As we have indicated on other occasions, we stress that these groups continue to terrorise and intimidate citizens because they have been given the green light by the government and have enjoyed its security and judicial protection for months. The coincidence of the last wave of terror with the radicalisation of protest movements throughout the country and the failure of governmental visits in most regions led us to question the use of these groups and the interest the government has in making the En-nahda movement thus appear as a moderate current. We pose also the question of the interest that the En-nahda government has in denigrating the popular struggles in the marginalised regions and exploited sectors who demand the right to employment, dignity and liberty, and setting up false battles between believers and non-believers — battles which have nothing to do with the decisive causes for the population, namely regional and social justice, local democracy, unconditional civil liberties, and which moreover threaten the right to protest and pursue the revolution by using the emergency law to smother the revolutionary process.

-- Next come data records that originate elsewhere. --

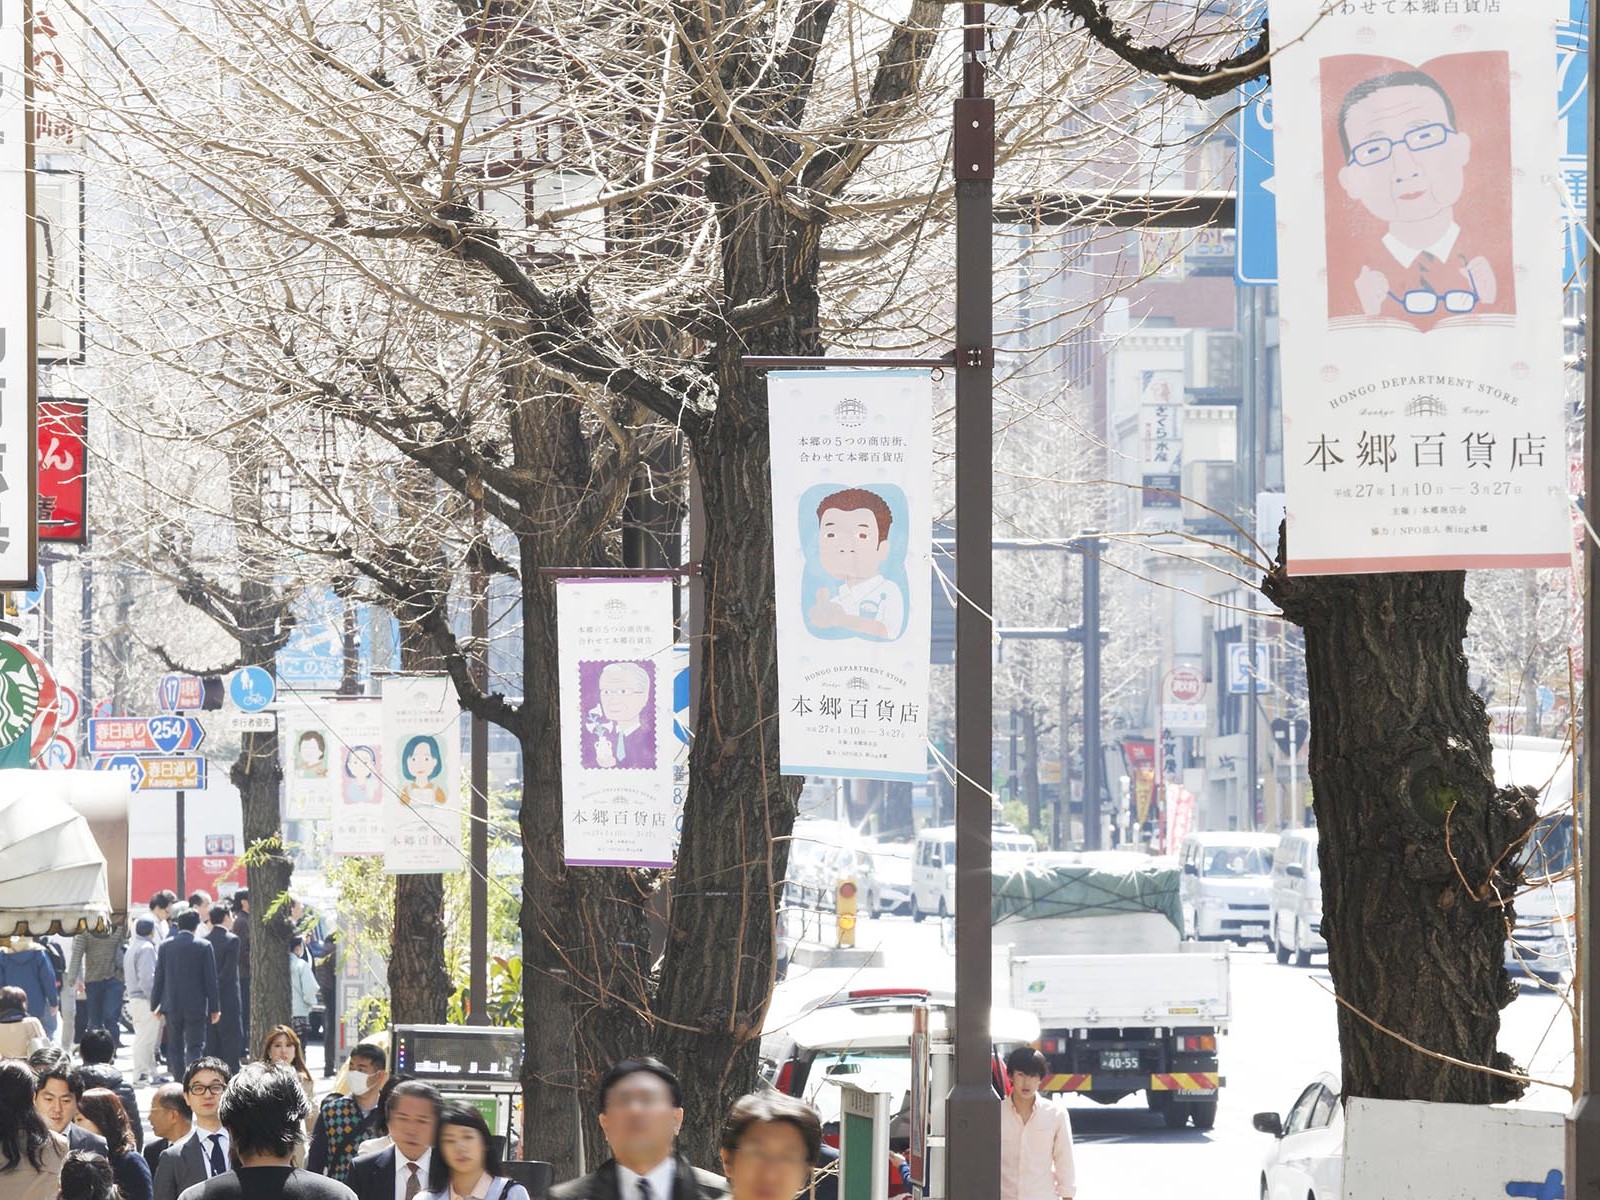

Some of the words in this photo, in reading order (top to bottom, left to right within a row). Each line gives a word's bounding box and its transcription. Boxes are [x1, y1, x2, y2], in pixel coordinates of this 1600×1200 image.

[1330, 383, 1377, 409] HONGO
[1381, 375, 1475, 390] DEPARTMENT
[1477, 383, 1519, 407] STORE
[1303, 430, 1548, 473] 本郷百貨店
[804, 667, 831, 682] HONGO
[833, 664, 884, 675] DEPARTMENT
[886, 672, 907, 687] STORE
[166, 680, 178, 702] 17
[790, 694, 919, 725] 本郷百貨店
[95, 722, 147, 739] 春日通り
[152, 720, 182, 739] 254
[148, 761, 198, 777] 春日通り
[572, 808, 667, 828] 本郷百貨店
[1108, 1057, 1140, 1069] 40-55

This government has confirmed its absolute failure at all levels in a climate of successive scandals including the latest, the leaking of the baccalaureate examinations, in an attempt to damage the credibility of republican teaching and to prepare the ground for the return to medieval forms of education and the gradual elimination of progressive modernist improvements in Tunisian education. Before its failure, the government, as usual, wishes to blame the “far left”, accused of extremism and of being responsible for these events, to shirk its responsibilities as a government and its duties in the area of protection of citizens and public enterprises and institutions. And also to mask its economic, social and political incapacity to manage this stage. It assimilates the terrorism of religious extremism, which terrifies citizens and ravages public enterprises, with the positions of the revolutionary left, which denounces the neoliberal policies of the government and the bourgeois opposition, supports popular demands for employment, dignity and freedom and demands a just regional development, social justice and the liquidation of the “authoritarian heritage”. But the government tries desperately to do political damage to the components of the revolutionary left, as a radical opponent to its neoliberal economic policy inherited from the previous era.

As we have said in the past, our unconditional support as the revolutionary left to freedom of artistic creation does not mean support for low grade “artistic” works of mediocre “aesthetic” taste aimed at provoking popular feelings, and we believe that these practices remind us of what happened with previous films destined for foreign distribution and Zionist ceremonies for which the revolutionary left is in no way responsible. However, that does not justify the attacks made on public and individual liberties and does not absolve the government of being implicated at several levels in providing a political, security and legal cover for the violence of the Salafist groups and encouraging them to terrorise citizens with a view to strangling the margins of public and private liberties, and manoeuvring against youth, women and children.

This failed government should go, and the UGTT should take on its historic responsibilities to form a popular and workers’ government opposed to neoliberalism!